Audi Q3 Sportback SUV review
“Showing you can have a coupe shape and a big boot at the same time, the Audi Q3 Sportback is one of the most impressive coupe-SUVs”
- More stylish than Q3
- Boot size unchanged
- Mild-hybrid model due
- Rear headroom a little tight
- BMW X2 more fun
- Costlier than the Q3
A ‘coupe-SUV’ might seem like a contradiction in terms but the concept has proved popular enough for several companies to produce sleeker, sportier versions of their best-selling SUVs. Audi is the latest manufacturer to have a crack at it; buoyed by the BMW X2 and Mercedes GLC Coupe, it has taken the Audi Q3 and turned it into the Q3 Sportback. Both are sold side-by-side, so you can take your pick between conventional SUV and coupe-SUV.
The original Q3 was one of Audi’s most important models, even late into its life, as it was intended to give many buyers their first experience of owning an Audi. The current model takes much of the luxury from the Q5 and Q7 and puts it into a smaller, more attainable package, and the Q3 Sportback brings extra style to the mix.
While the BMW X1 and X2 are styled very differently, the Audi Q3 Sportback is designed to look similar to the Q3. The familiarity is clear from the front, as the headlights, grille, bumper and air intakes are all carried over. From the windscreen backwards, however, most of the parts are new. The roof shape is sleek and curved instead of straight, and the bootlid, rear bumper and rear wings are all unique to the Q3 Sportback.
You’d think that the coupe shape would massively affect practicality but, in most respects, the Q3 Sportback is very impressive in that department. The boot size is the same as the normal Q3 at 530 litres but it’s a different shape due to the Sportback’s extra length and lower ride height. As the rear seats are mounted lower, rear headroom should be sufficient for most but the regular Q3 does feel a bit more spacious in that regard. With the rear seats folded down, the Q3 Sportback does lose some boot space compared with the Q3 but the difference isn’t big enough to rule out the coupe.

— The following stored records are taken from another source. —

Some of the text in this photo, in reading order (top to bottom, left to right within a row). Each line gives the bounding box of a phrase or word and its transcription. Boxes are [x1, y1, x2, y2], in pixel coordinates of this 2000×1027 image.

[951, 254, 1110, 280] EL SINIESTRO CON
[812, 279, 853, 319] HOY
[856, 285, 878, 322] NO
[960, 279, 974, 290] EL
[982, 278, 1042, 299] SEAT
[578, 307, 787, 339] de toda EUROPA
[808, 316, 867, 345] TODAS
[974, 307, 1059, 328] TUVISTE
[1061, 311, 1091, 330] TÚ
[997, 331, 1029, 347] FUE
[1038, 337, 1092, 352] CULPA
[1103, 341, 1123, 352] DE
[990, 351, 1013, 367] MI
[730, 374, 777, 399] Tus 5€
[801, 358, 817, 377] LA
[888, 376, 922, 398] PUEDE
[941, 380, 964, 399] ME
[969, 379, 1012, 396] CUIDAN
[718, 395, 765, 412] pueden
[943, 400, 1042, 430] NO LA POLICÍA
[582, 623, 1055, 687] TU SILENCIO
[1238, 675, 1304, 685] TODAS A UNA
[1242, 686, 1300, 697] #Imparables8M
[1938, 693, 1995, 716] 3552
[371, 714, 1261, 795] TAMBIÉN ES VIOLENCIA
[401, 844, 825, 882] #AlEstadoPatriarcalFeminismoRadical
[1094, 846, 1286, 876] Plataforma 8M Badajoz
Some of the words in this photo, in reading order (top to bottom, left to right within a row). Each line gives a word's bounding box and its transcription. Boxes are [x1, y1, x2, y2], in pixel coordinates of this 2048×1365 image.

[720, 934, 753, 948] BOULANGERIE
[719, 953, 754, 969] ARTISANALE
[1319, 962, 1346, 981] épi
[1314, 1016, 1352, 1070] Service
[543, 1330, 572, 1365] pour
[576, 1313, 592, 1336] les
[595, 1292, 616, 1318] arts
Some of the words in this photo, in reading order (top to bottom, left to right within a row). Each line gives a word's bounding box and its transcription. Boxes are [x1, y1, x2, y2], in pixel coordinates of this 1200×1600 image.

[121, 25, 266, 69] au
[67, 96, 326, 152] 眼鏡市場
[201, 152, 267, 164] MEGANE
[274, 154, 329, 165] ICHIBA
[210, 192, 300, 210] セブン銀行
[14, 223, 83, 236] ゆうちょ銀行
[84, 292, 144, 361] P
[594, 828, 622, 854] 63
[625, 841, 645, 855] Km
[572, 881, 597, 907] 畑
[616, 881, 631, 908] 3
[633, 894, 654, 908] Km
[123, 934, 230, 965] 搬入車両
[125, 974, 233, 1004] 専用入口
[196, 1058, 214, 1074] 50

Up front, the Sportback is nearly all borrowed from the Q3; Audi was unlikely to mess around with a well-designed layout for the new car. In the centre of the dashboard is a large touchscreen display that can mirror Apple and Android phones and, if you download an app, you can preset the sat nav directions and unlock the car from your phone. The Q3 Sportback is the first Audi to offer the ability to show you where free parking spaces are and whether traffic lights are about to change, thanks to data shared by other users.
The engines are familiar from the Q3 and other VW Group cars, and there are currently three to choose from. Two diesels, badged 35 TDI and 40 TDI, produce 148 and 197bhp respectively from the same 2.0-litre engine, while the petrol choices offer 148, 187, or 242bhp and are known as the 35 TFSI , 40 TFSI or 45 TFSI respectively. The entry-level petrol comes with a manual gearbox and front-wheel drive as standard, while the other choices are fitted with Audi's quattro four-wheel drive and/or an automatic gearbox as standard.
The cheapest petrol joined the range in late 2019, and it’s a 1.5-litre with mild-hybrid technology (on the automatic version) to allow the engine to cut off when coasting to save fuel. The system has been borrowed from more expensive Audis but it works just as well in the Q3 Sportback and it could end up as the best-selling model.
You won’t be having as much fun as a BMW driver on a twisty road but the Audi Q3 Sportback makes up for that by offering a very polished driving experience. For the most part, it’s exactly what you’d expect from an Audi - it’s relaxing, quiet and deceptively quick - although the seven-speed automatic gearbox certainly needs some tweaking. There’s a noticeable pause when you put your foot down as the gearbox realises you want more power, and it’s very slow to change down a gear. We suspect this is to make it as economical as possible but it makes the Q3 Sportback feel a bit sluggish on occasion and taints how it drives as a result.
At least its safety credentials are excellent; when the Audi Q3 was tested by Euro NCAP in 2018, it received the maximum five-star score with impressive scores across the board. The Q3 Sportback may not be tested as the two cars are so similar - both have the same safety kit.
Audi finished 21st out of 30 manufacturers in our 2020 Driver Power owner satisfaction survey, which was a few places ahead of BMW and Mercedes. Around 20% of buyers reported a fault in the first year of ownership, and owners weren’t too keen on the running costs of their cars.